Output the data verbatim, minus the images.

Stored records
- Opening Delimiter -

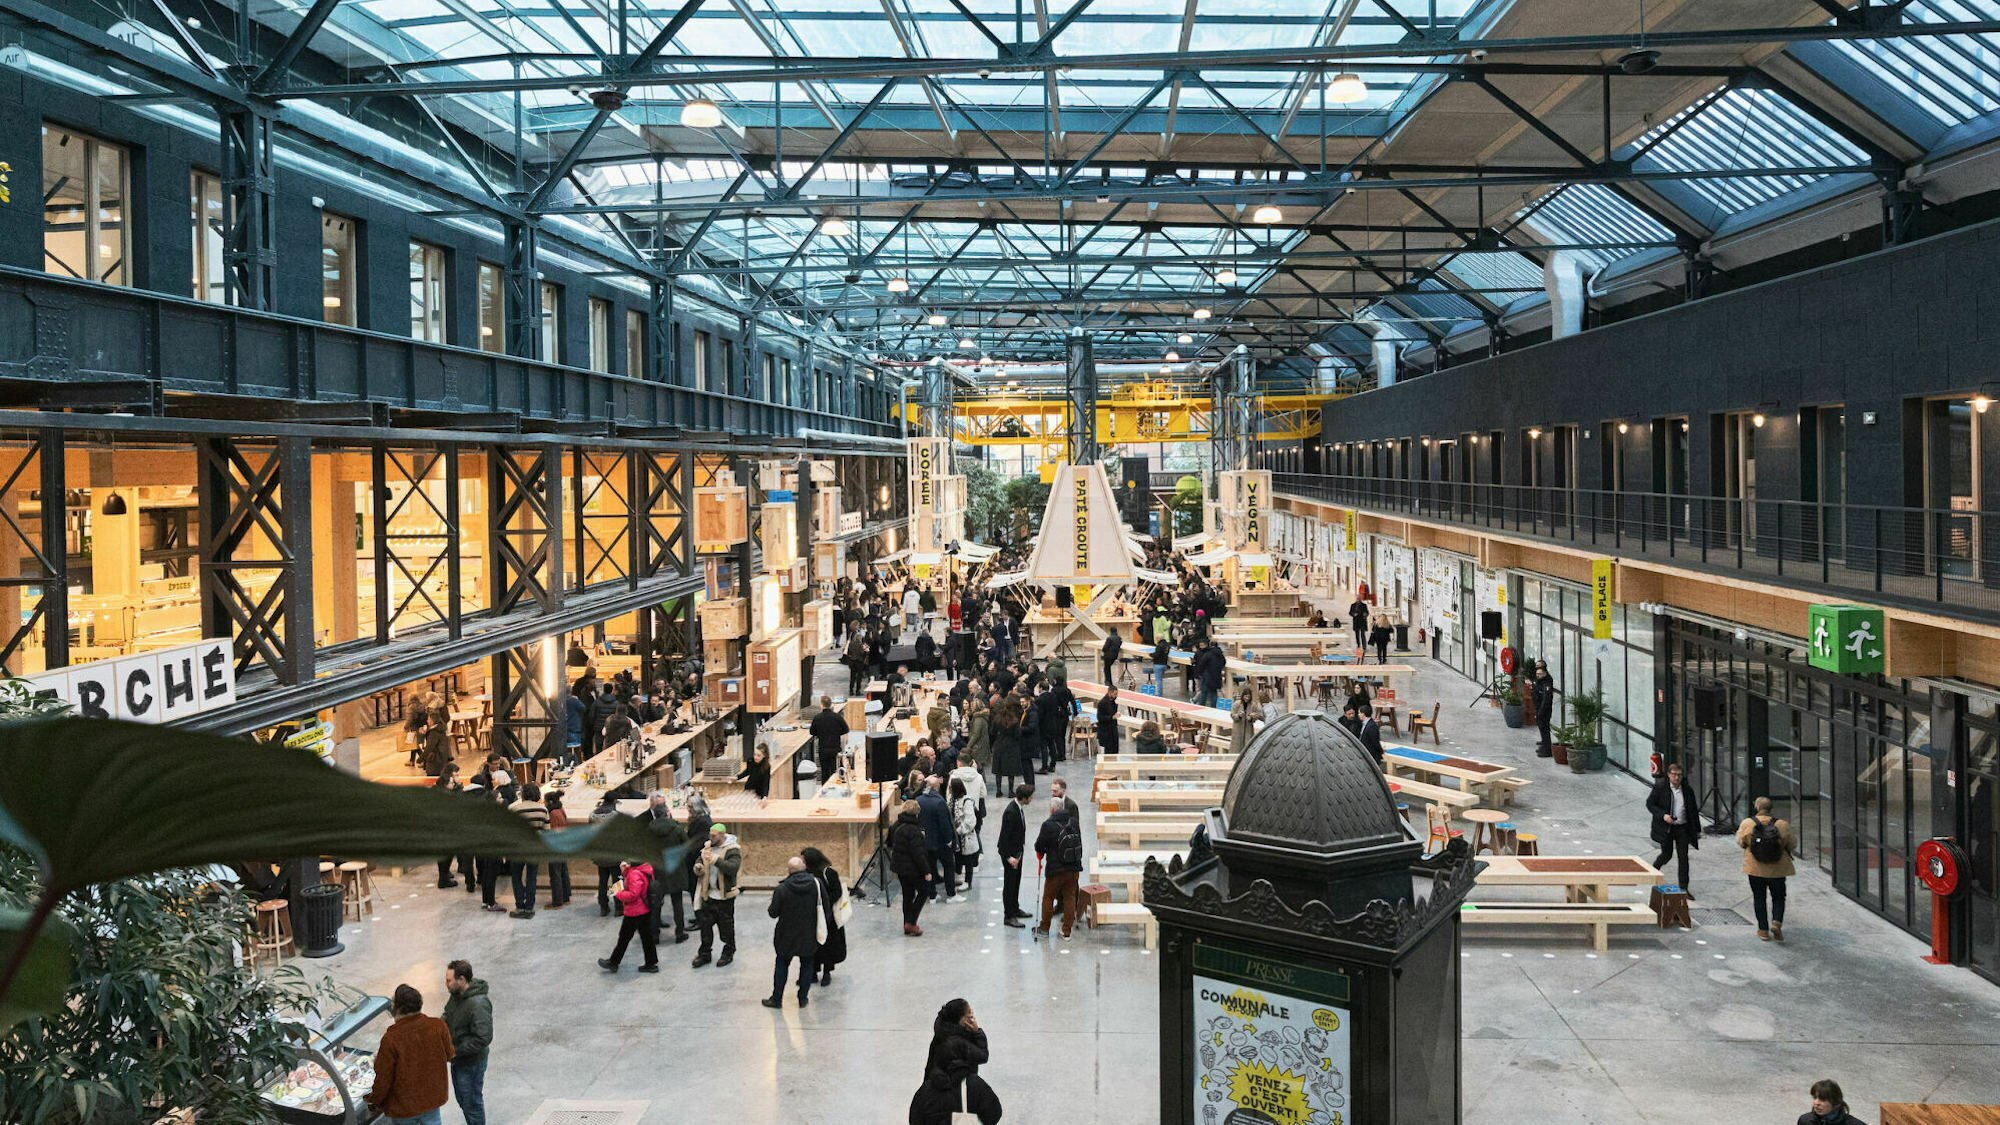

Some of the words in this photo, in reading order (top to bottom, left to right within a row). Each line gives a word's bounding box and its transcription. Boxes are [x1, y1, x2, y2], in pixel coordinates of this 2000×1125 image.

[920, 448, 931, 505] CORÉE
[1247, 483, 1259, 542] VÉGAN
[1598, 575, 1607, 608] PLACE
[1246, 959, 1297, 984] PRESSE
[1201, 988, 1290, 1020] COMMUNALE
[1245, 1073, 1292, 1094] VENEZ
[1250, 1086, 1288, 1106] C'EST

- Closing Delimiter -

* ANSWER SECTION
Some of the words in this photo, in reading order (top to bottom, left to right within a row). Each line gives a word's bounding box and its transcription. Boxes are [x1, y1, x2, y2], in pixel coordinates of this 2000×1125 image.

[920, 448, 931, 505] CORÉE
[1247, 483, 1259, 542] VÉGAN
[1598, 575, 1607, 608] PLACE
[1246, 959, 1297, 984] PRESSE
[1201, 988, 1290, 1020] COMMUNALE
[1245, 1073, 1292, 1094] VENEZ
[1250, 1086, 1288, 1106] C'EST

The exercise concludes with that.